Monday, September 18, 2017

Review of Amatka by Karin Tidbeck



Karin Tidbeck arrived on the English language scene around 2012 with several quality short stories collected in Jagganath.  “Sing”, “Reindeer Mountain” and others received a variety of critical attention, primarily for their ethereal fairy-tale qualities that were far more Weird than princesses, knights in shining armor, or majestic castles.  In 2017 Tidbeck makes her English language debut in novel form with Amatka.  A work of dystopian science fiction that feels like a very bland offshoot of Ursula Le Guin and Clifford Simak, I think it’s fair to say Tidbeck’s strengths lie in Jagganath-type material…

Amatka is the story of Vanja.  Marketing researcher for a personal hygiene company, she is asked by her firm to make a cross-continental trip to the industrial city of Amatka to discover brands the shops stock, gaps in the local market, and what the most popular products are among its people.  Amatka a communal society, after filling out the appropriate forms Vanja is provided a room and given free rein to wander the city.  Meeting her roommates, the librarian, and a rebellious older woman named Ula, Vanja slowly becomes aware of skeletons in Amatka’s closet, and begins to ask questions about the rote and routine of society.  Why do the people need to read and repeat the names of solid objects, like a pen or suitcase, for them to retain their shape?  Why does the commune enforce societal parenting?  And why does the recorded history of the poet Erren not quite fit reality?  Needing to take some bold steps to get answers to these questions, Vanja’s life finds a new road by the end of Amatka.

For those looking to find more of what they read in Jagganath—even in the abstract sense, Amatka disappoints.  Lacking the sophisticated underlayer that gave most of the stories in Jagganath their purpose, unpredictability, and enjoyment, Amatka is a very straight-forward story that follows the plot of Nineteen Eighty-four almost to a T.  Tidbeck does try to add an element of fantastical science fiction to spice things up, but it’s such a goofy idea that the gritty events of Vanja’s stay in Amatka are rendered comical by it.

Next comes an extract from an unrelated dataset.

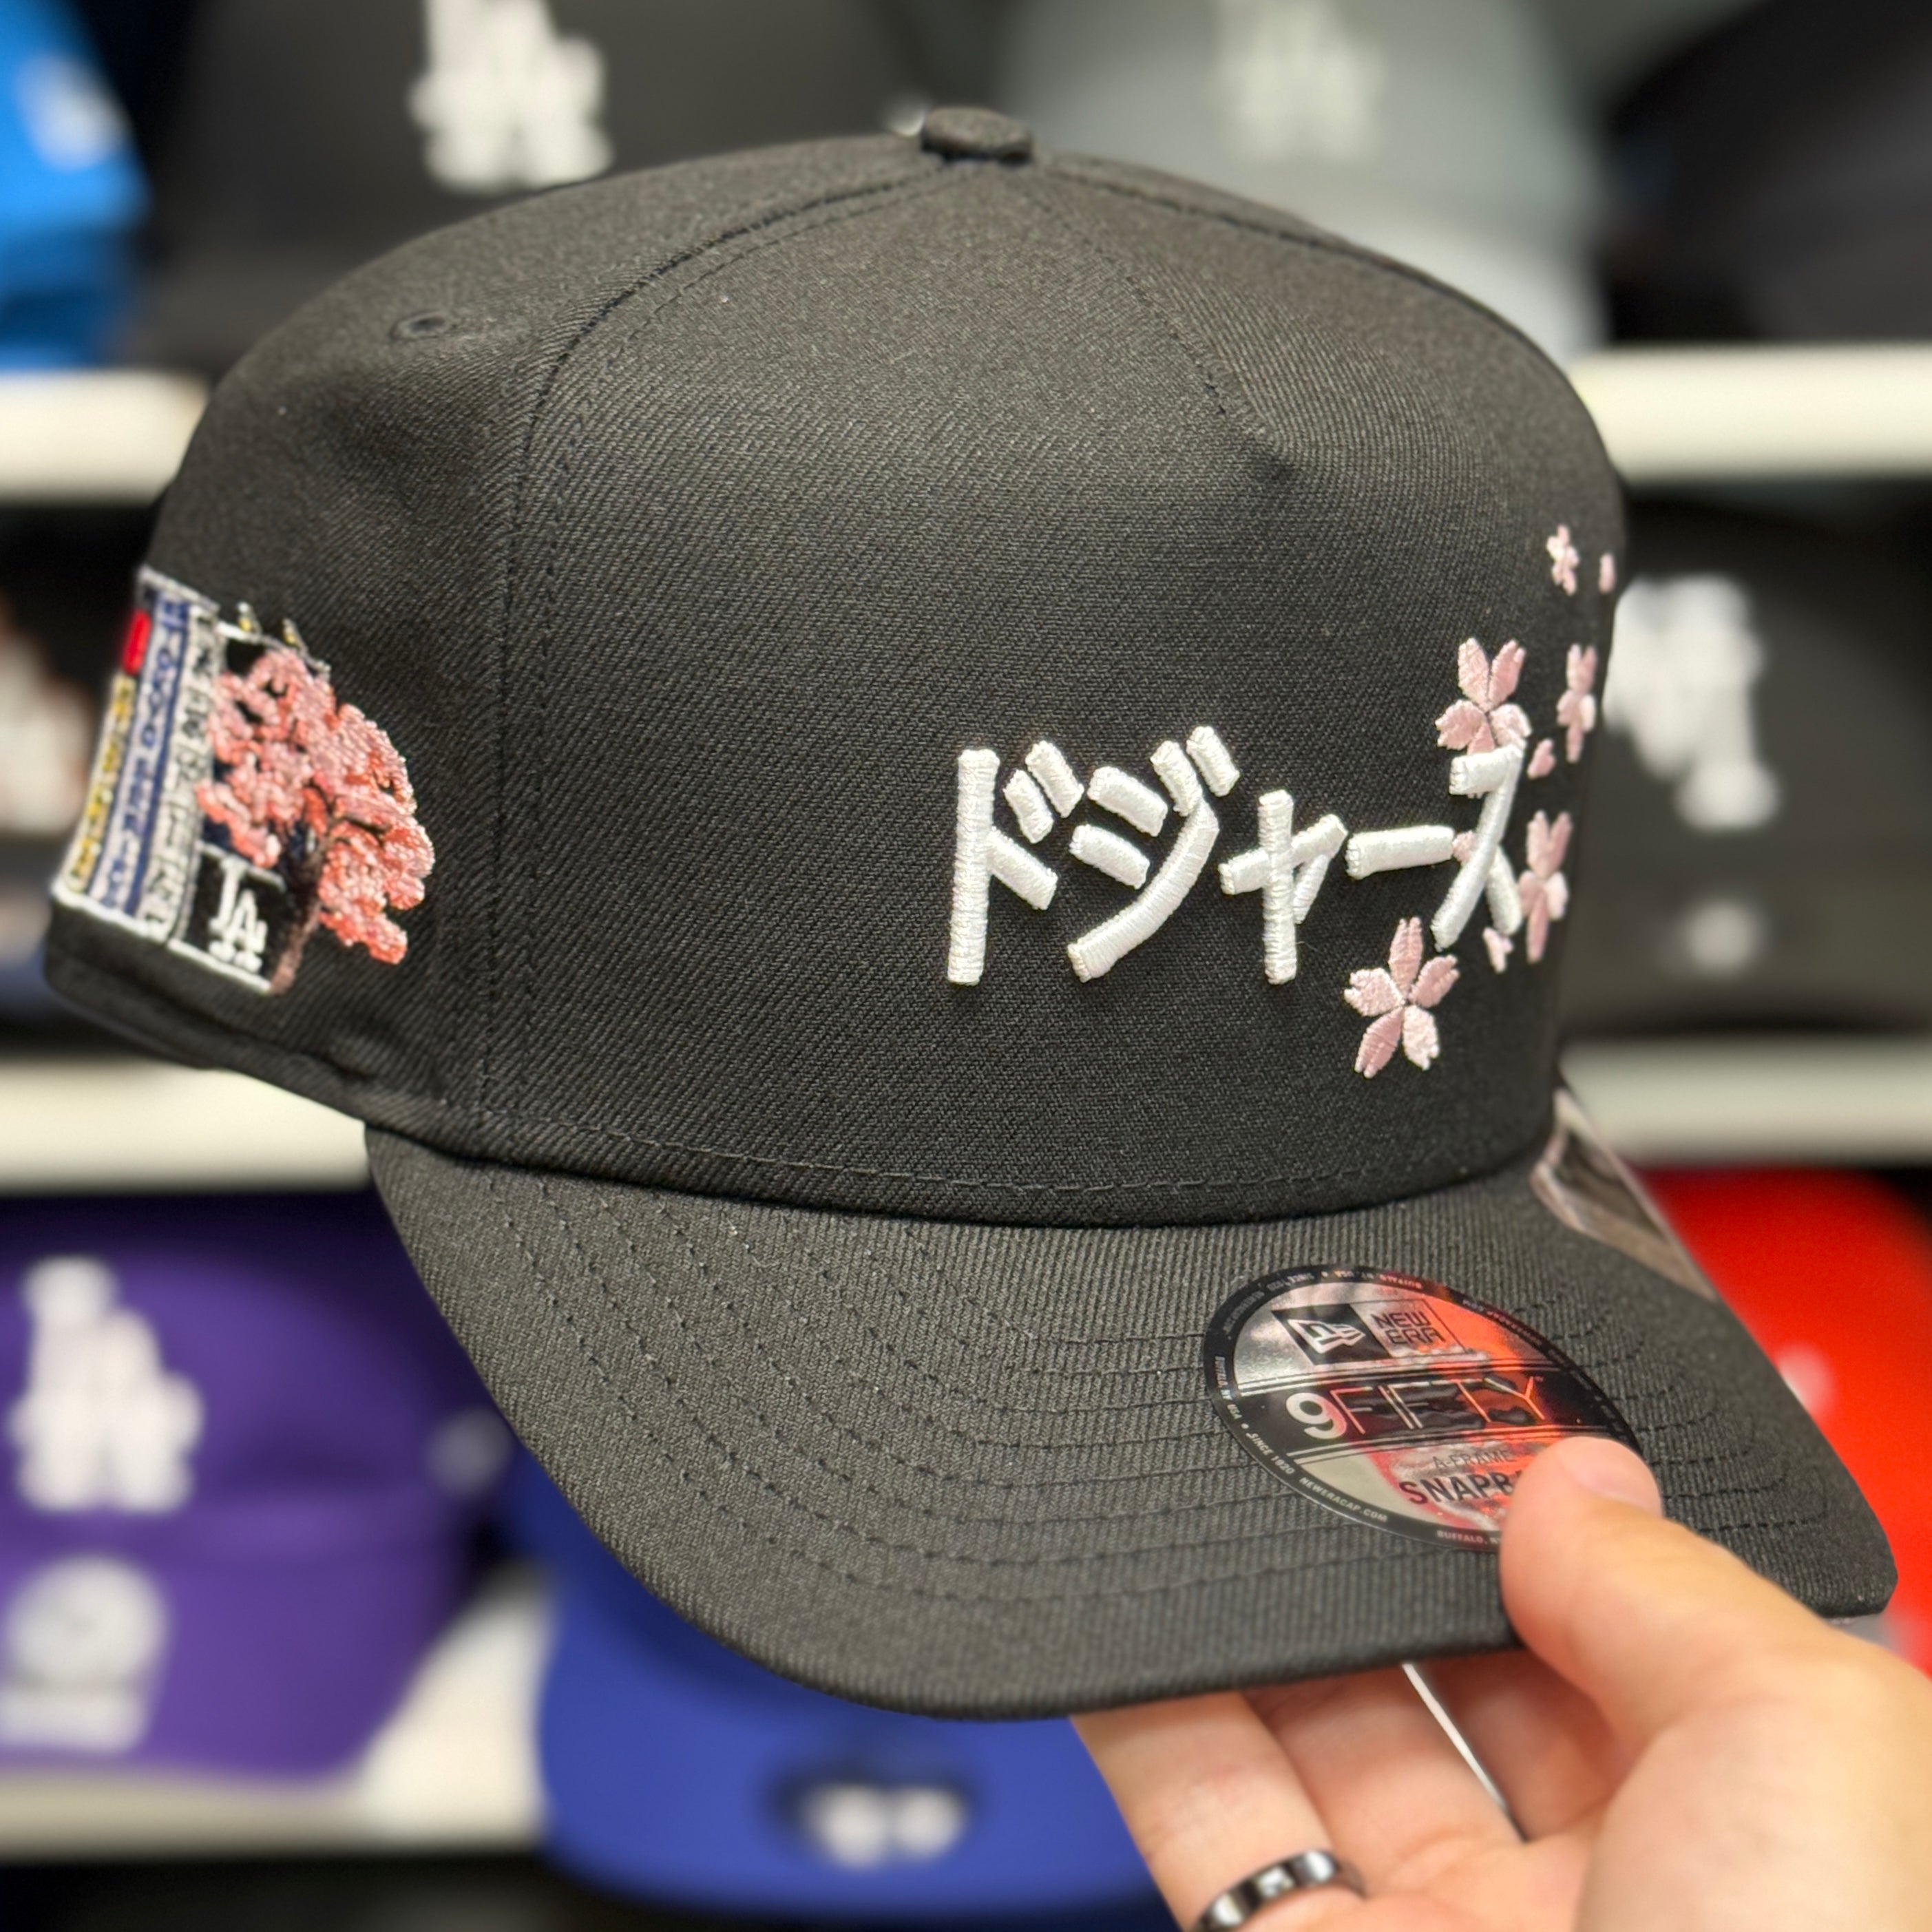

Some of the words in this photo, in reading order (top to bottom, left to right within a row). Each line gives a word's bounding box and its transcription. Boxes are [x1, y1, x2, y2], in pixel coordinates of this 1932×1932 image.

To give more details would spoil matters, but suffice to say the cheesier side of Clifford Simak and other golden age sf writers is well represented in material that comprises most things in Amatka.  At first I was trying to take Vanja’s story seriously, but as this material gained prominence, even dominance upon the conclusion, I was left wondering what’s the point: serious examination of social issues or vehicle for cheap sf ideas?

Another very noticeable issue with Amatka is style.  I’ve read other reviews describing Tidbeck’s writing as something like ‘beautiful minimalism’.  Minimalist it certainly is, but in the literal sense, not the figurative.  Where writers like William Gibson or Jon Courtenay Grimwood can say more by saying less, Tidbeck writes in black and white.  ‘Vanja picked up the piece of paper with her right hand and read it.  The she put it down and went to the next room.  Nina was there….’  That is not a direct quote, but it gives you an idea of how almost the entirety of Amatka’s prose reads.  As evidenced by the lack of character nuance, there is almost nothing about the writing that evokes mood, atmosphere, personality, soul—something beyond the bare surface.  Rarely if ever expressing something prosaically or indirectly, the novel is written in a simple, straight-forward lexicon—which is the final nail in the coffin of my belief that publishers agreed to publish Amatka in English in an attempt to take advantage of the popularity of dystopias on the market and Tidbeck’s success with Jagganath rather than its literary qualities.

In the end, Amatka is a very confused novel.  It doesn’t know whether it wants to be an Orwellian damnation of oppressive government, pulp 40s science fiction (technology gone wild!), exposition on the meaning and power of language (via sentient goo!!), or character study of a woman whose fundamental understanding of herself is turned upside down by an alternate perspective on society.  This is not to say these elements cannot be merged into a good novel, rather that Tidbeck has not done so.  Combined with the highly lackluster prose and simplistic assumption of reader intelligence, it all makes for disappointing reading.  Given the high quality of Tidbeck’s short fiction, I have to assume Amatka was her first ‘serious’ writing effort—the growing pains that every writer must go through.   Therefore, if you have not read Tidbeck, do yourself a favor and try Jagganath first.  She is worth the reader’s investment, just perhaps not Amatka.

1 comment:

  1. Hi, I have said it before; Swedish dystopics; start with Kallocain (1940). But at the same time; I have not read Tidbeck yet!